Costs for Energy Plant Rise
$24 Million Increase
The Harvard Corporation on December 20 approved alterations in plans for the Medical School power plant now under construction, increasing the projected cost of the plant from $56 million to $80 million, Hale Champion, vice president for financial affairs, said yesterday.
The changes will increase the output of electricity and improve environmental safeguards, Champion said. He added that the eleven Medical Area institutions--hospitals, research centers, and Harvard schools--found the changes necessary after re-evaluating their future energy needs.
Champion said the projected cost increase can be misleading because the new estimate may include different cost components than previous estimates.
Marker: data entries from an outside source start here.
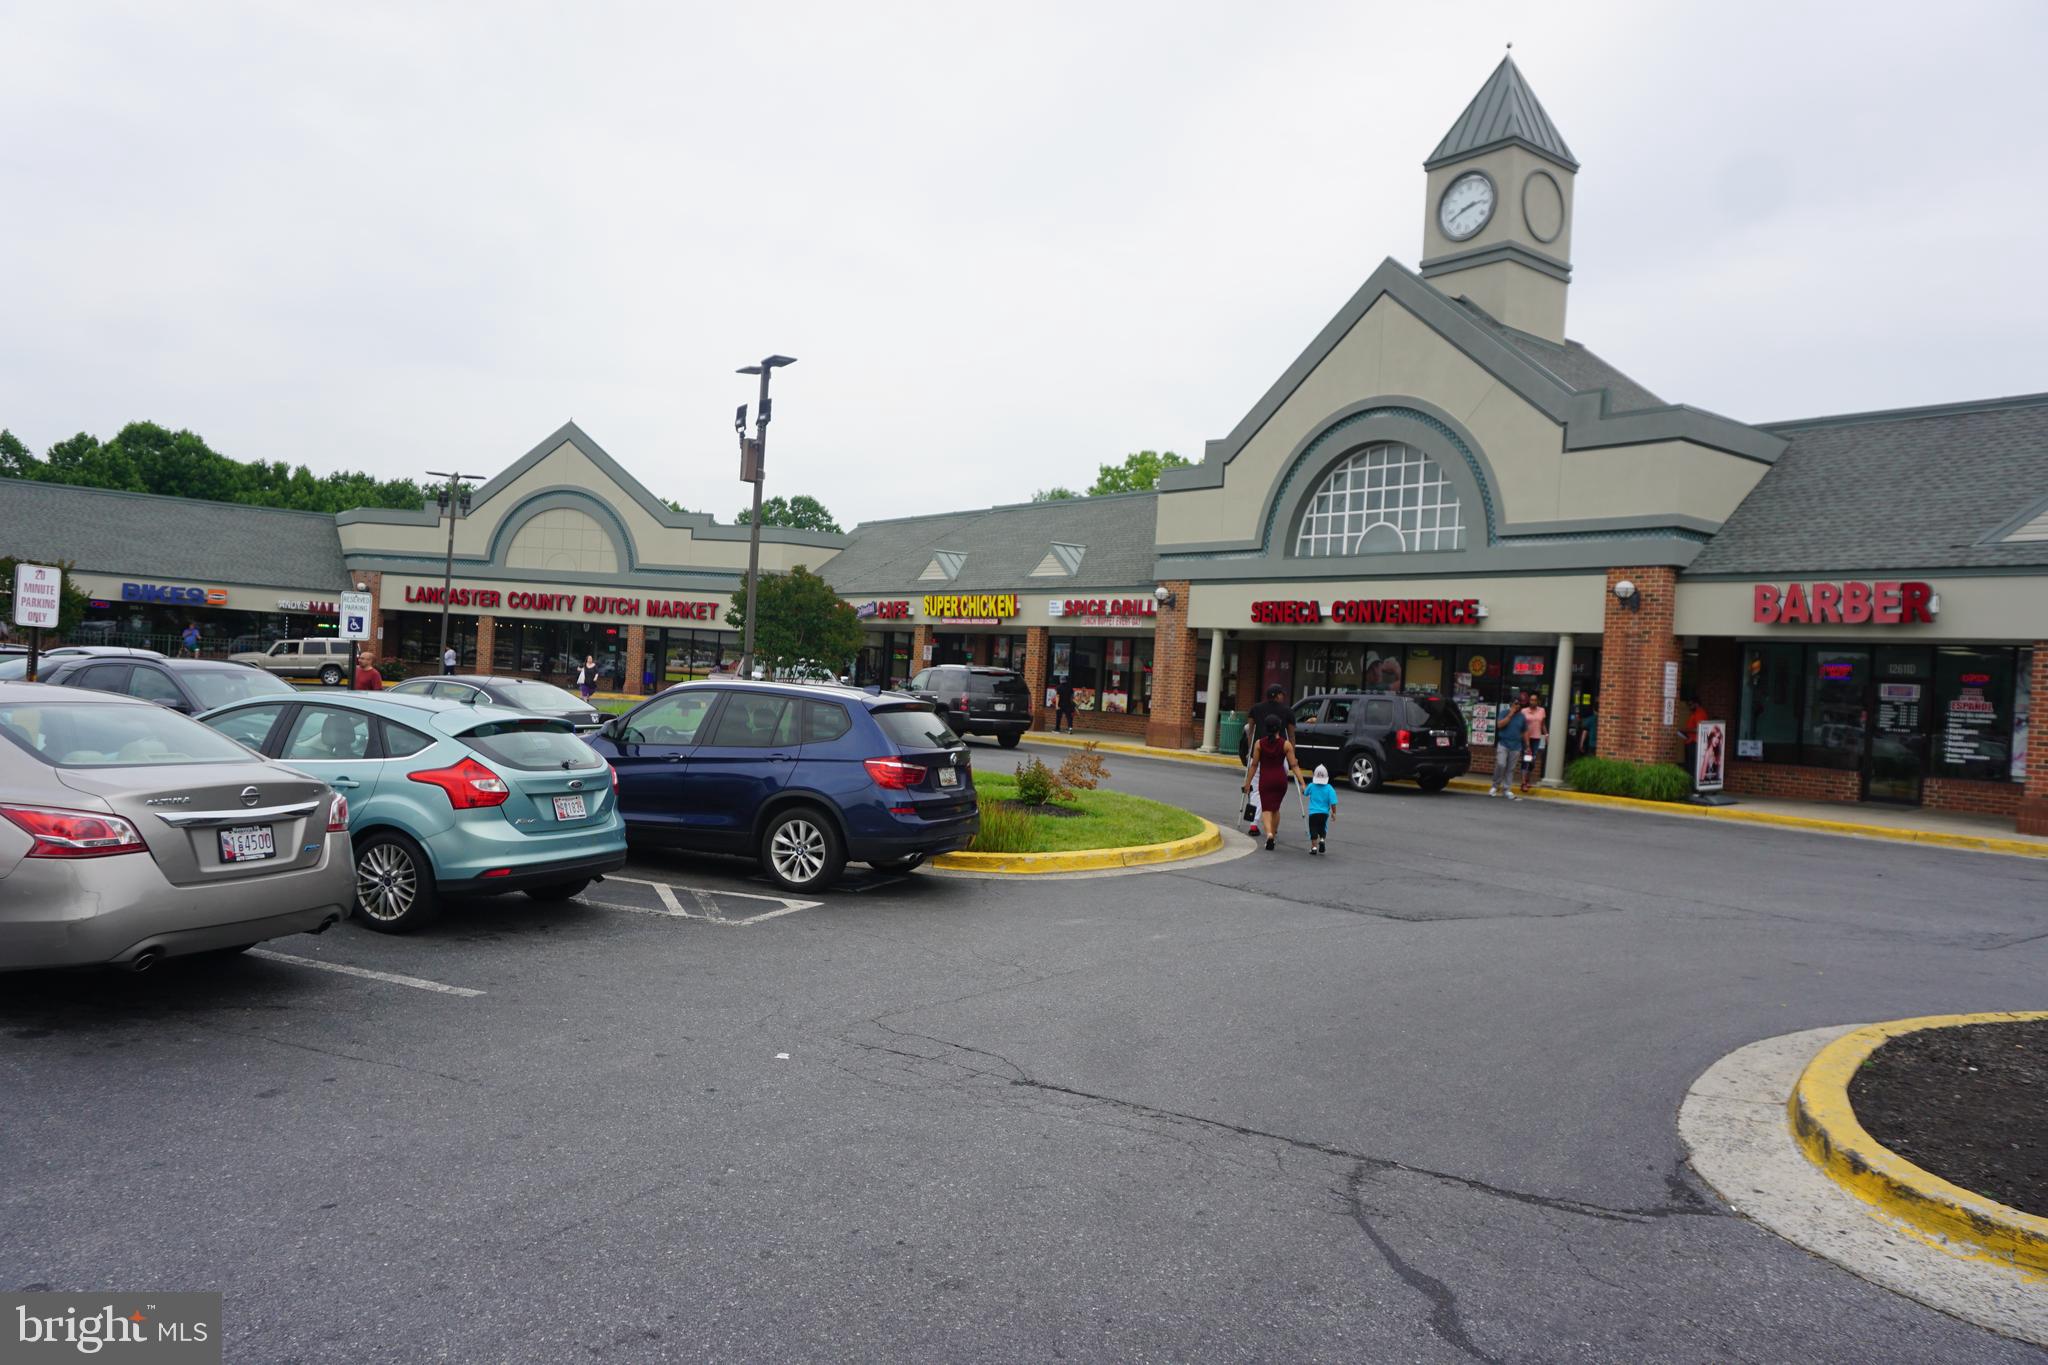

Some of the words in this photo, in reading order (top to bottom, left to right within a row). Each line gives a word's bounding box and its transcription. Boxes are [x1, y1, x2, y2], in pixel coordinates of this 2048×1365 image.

[35, 569, 46, 581] 20
[23, 583, 55, 595] MINUTE
[121, 582, 206, 606] BIKES
[20, 596, 56, 610] PARKING
[344, 603, 368, 612] PARKING
[405, 585, 501, 608] LANCASTER
[507, 591, 576, 612] COUNTY
[583, 595, 640, 616] DUTCH
[646, 600, 720, 620] MARKET
[877, 601, 909, 619] CAFE
[923, 595, 960, 617] SUPER
[960, 593, 1016, 617] CHICKEN
[1064, 599, 1108, 617] SPICE
[1110, 598, 1156, 617] GRILL
[1753, 581, 1934, 624] BARBER
[27, 611, 48, 623] ONLY
[1251, 600, 1321, 624] SENECA
[1331, 599, 1480, 625] CONVENIENCE
Some only included construction costs while others included engineering expenses and the cost of land, he said.
Harvard, which he said will use approximately 20 per cent of the plant's energy output, will save an estimated $1.8 million annually, he said.
Although Harvard's credit rating enabled the institutions to get funding for the plant, the University will not shoulder the entire financial burden for the plant's construction and funding. Champion said.
"It's a joint enterprise. Each [medical facility] will pay according to the amount of utilities they take," he said.
An existing, "nearly obsolete" plant now produces steam for heat and chilled water for air conditioning. Champion said. The new plant will use a process to produce electricity as well, a procedure which is 30 per cent cheaper and more efficient than producing steam and electricity separately, he said.
The Environmental Protection Agency (EPA) has given the University a temporary permit for construction and will hold hearings this winter before issuing a permanent occupancy permit.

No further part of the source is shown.